Conseillé à tous ceux qui pensent que la vie ne leur a pas fait de cadeau
Rafael n’est pas fou. Ce n’est pas non plus un idiot. Alors pourquoi accepte-t-il de se vendre à un producteur de snuff movie pour 30 000 euros et de revenir 3 jours plus tard pour ce boulot, après avoir empochés seulement 250 dollars d'avance? Ce sont dans les racines de ce geste que réside la noirceur inouïe de ce livre de Gregory Mac Donald, bien plus que dans le 3ème chapitre contre lequel l’auteur nous mets pourtant en garde en préambule et qu’il nous autorise à ne pas lire tant ce qui y figure est cruel et réaliste, insupportable.
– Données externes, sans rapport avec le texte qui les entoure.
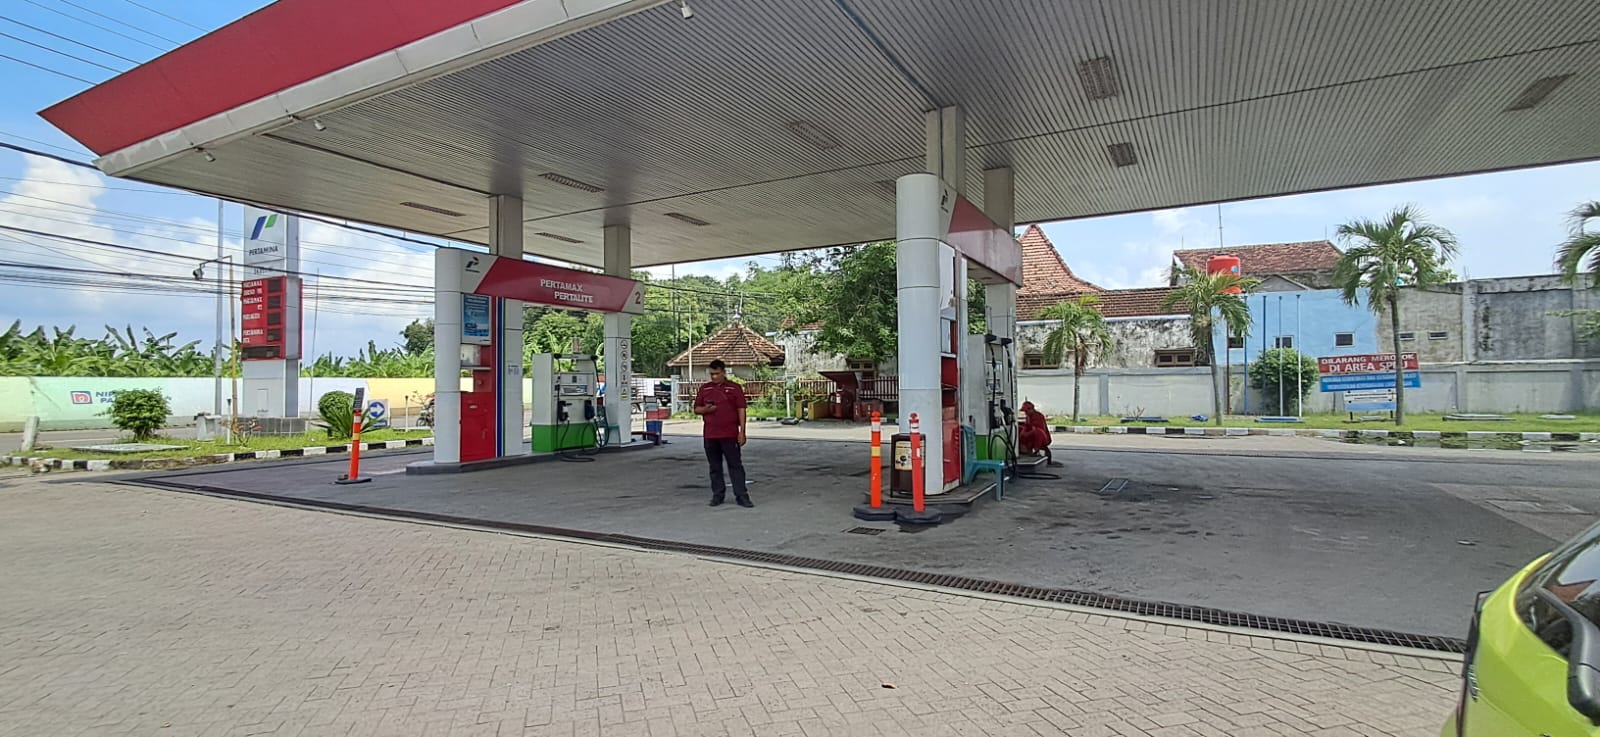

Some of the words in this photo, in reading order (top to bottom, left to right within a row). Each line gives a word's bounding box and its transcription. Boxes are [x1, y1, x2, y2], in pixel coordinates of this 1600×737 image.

[540, 279, 584, 292] PERTAMAX
[554, 291, 593, 303] PERTALITE
[634, 291, 641, 304] 2
[1321, 356, 1367, 365] DILARANG
[1371, 353, 1414, 362] MEROOK
[1329, 364, 1340, 373] DI
[1344, 362, 1375, 372] AREA
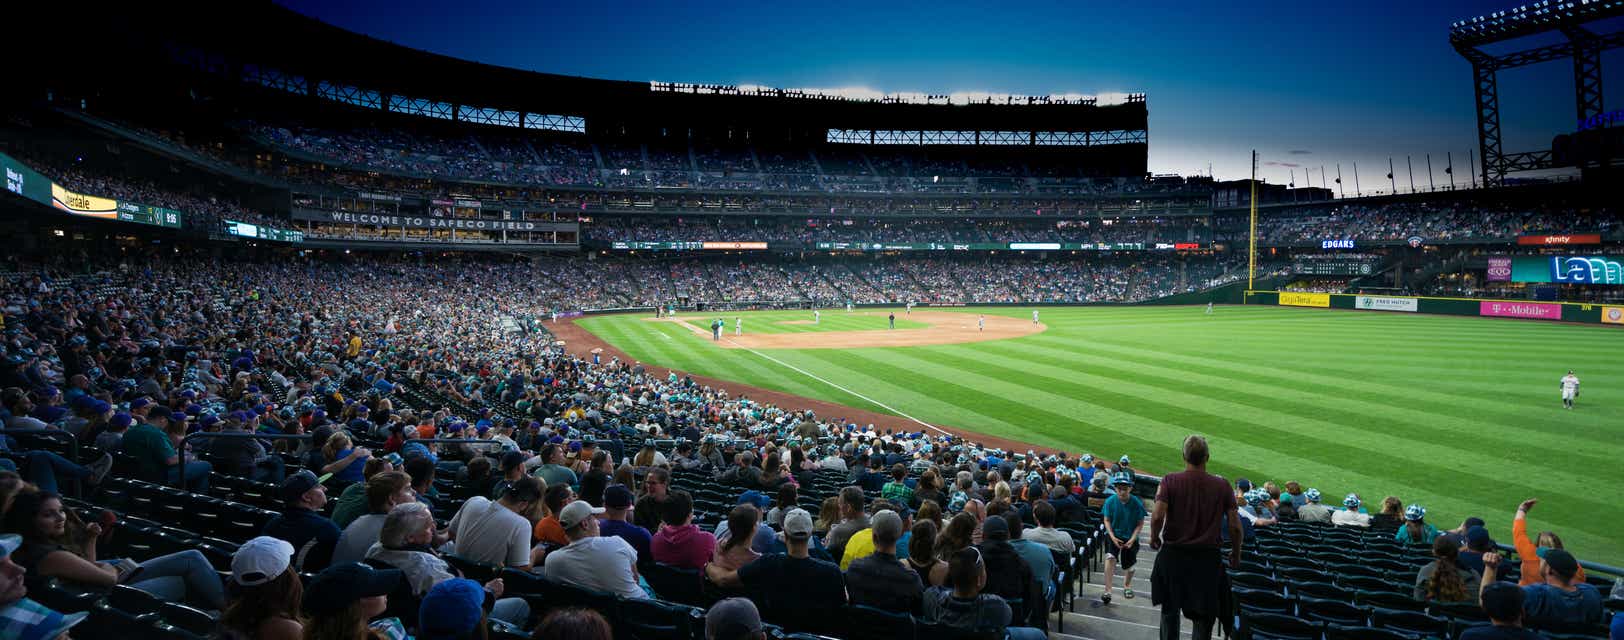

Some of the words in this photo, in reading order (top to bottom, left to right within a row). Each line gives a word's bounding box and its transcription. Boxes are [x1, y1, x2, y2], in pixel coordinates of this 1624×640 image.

Rafael, ses derniers jours ou comment faire la paix avec soi-même en faisant montre d’une lucidité douloureuse mais salvatrice: Rafael a 21 ans, déjà 3 enfant, mais est conscient que sa vie est déjà terminée, non parce qu’il vient de « signer » un contrat fatal mais parce qu’il n’a aucun avenir et son passé est peu glorieux. Entre alcoolisme, exclusion, misère totale, que lui reste-t-il comme espoir de vie? Si ce n’est aujourd’hui, sans doute pour la première fois de sa vie, il sent qu’il prend enfin le contrôle de son destin et qu’il peut peut-être offrir à sa famille une autre issue que le mépris des honnêtes gens, nés de l’autre côté de l’autoroute, que la crasse, la maladie, l’alcool et la faim, que l’analphabétisme et la décharge publique. Pouvoir offrir à sa femme une robe neuve, à ses amis de galère une dinde et à ses enfants de vrais jouets et un gant de base-ball pour devenir un champion, tout cela, tout cet espoir, il est prêt à le payer mais avec la seule monnaie qu’il ait.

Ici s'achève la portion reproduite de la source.